• _WHAT IS NEEDED_:
Images are to be omitted, and the rest of the records reproduced exactly.

• _Free-text object descriptions_:
▬▬▬

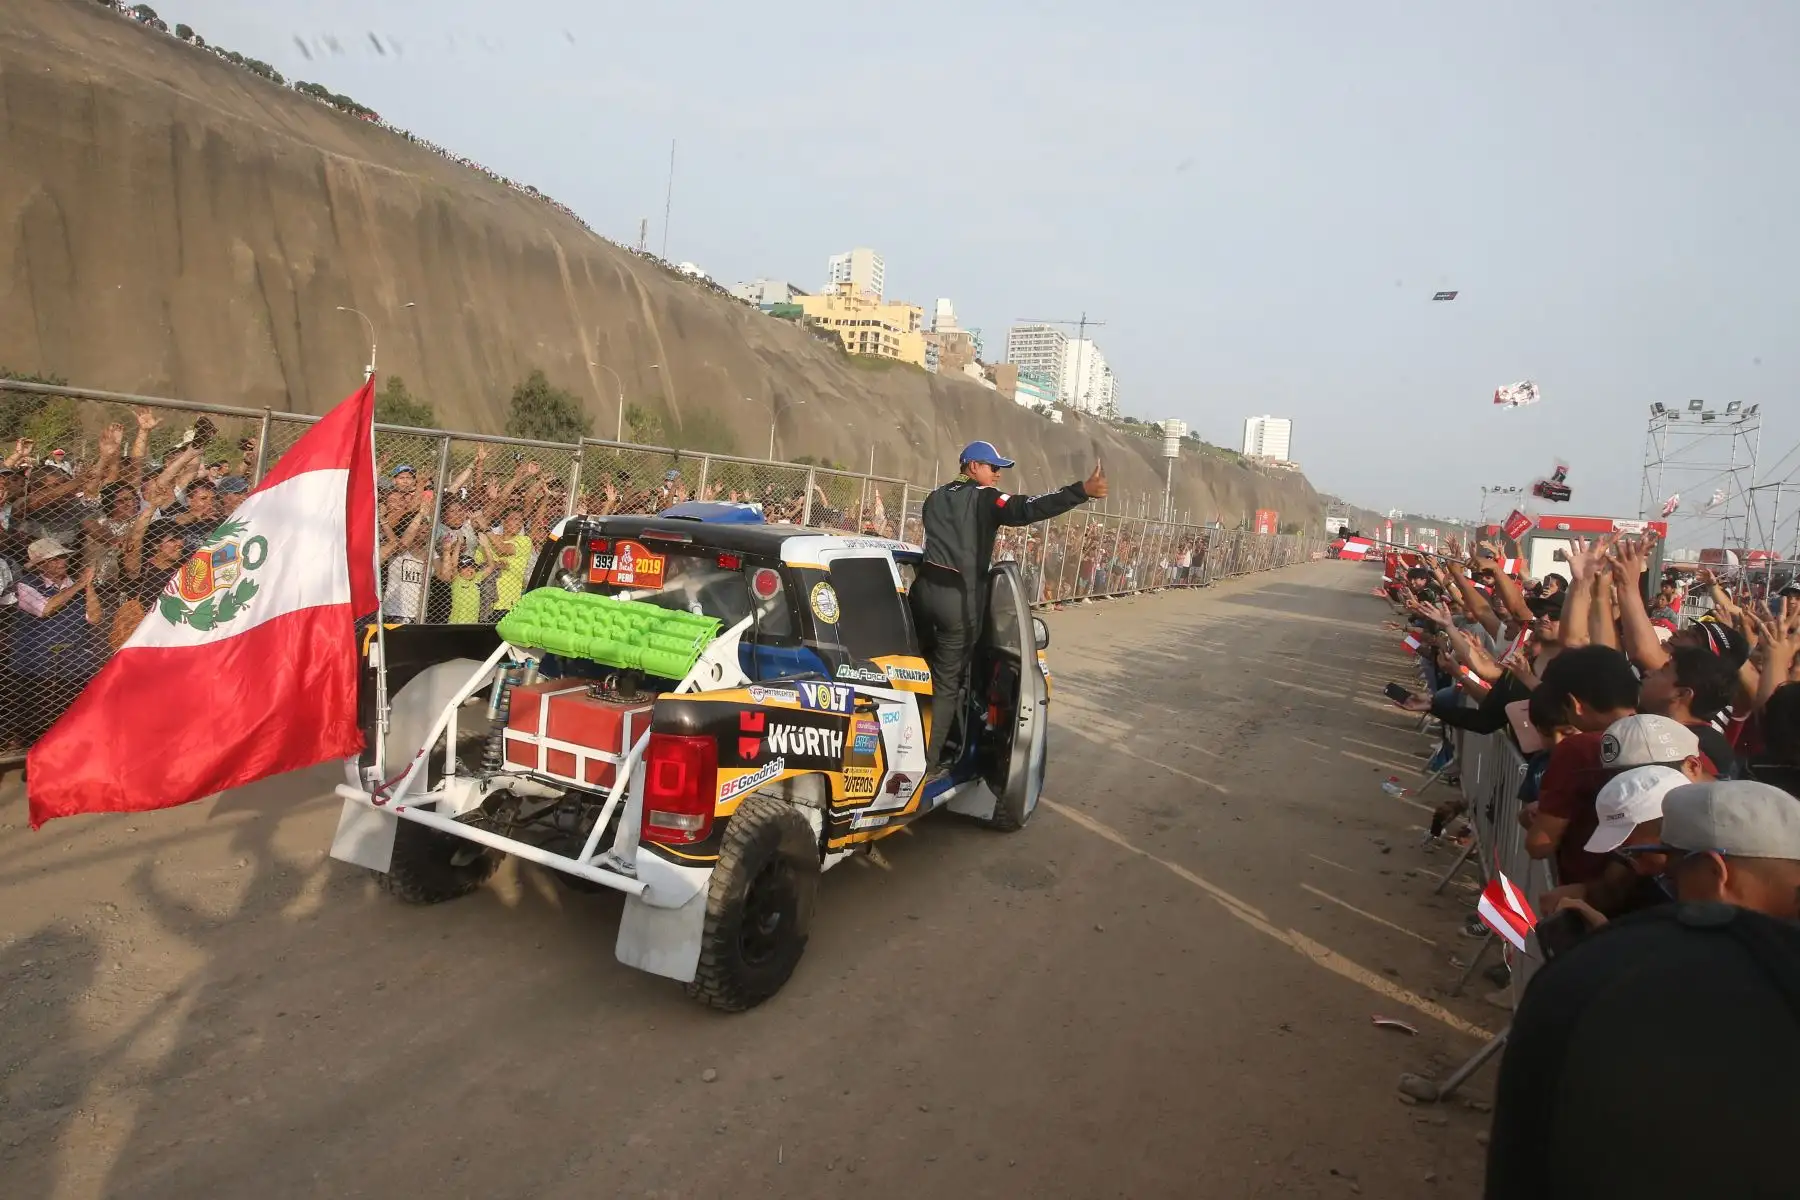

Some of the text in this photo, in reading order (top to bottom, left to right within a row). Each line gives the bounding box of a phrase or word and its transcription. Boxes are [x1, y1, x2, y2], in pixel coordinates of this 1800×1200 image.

[595, 555, 613, 568] 393
[636, 559, 660, 574] 2019
[800, 681, 850, 712] VOLT
[767, 722, 844, 759] WÜRTH
[720, 757, 785, 798] BFGoodrich

▬▬▬

• _YOUR RESPONSE_:
Some of the text in this photo, in reading order (top to bottom, left to right within a row). Each line gives the bounding box of a phrase or word and its transcription. Boxes are [x1, y1, x2, y2], in pixel coordinates of this 1800×1200 image.

[595, 555, 613, 568] 393
[636, 559, 660, 574] 2019
[800, 681, 850, 712] VOLT
[767, 722, 844, 759] WÜRTH
[720, 757, 785, 798] BFGoodrich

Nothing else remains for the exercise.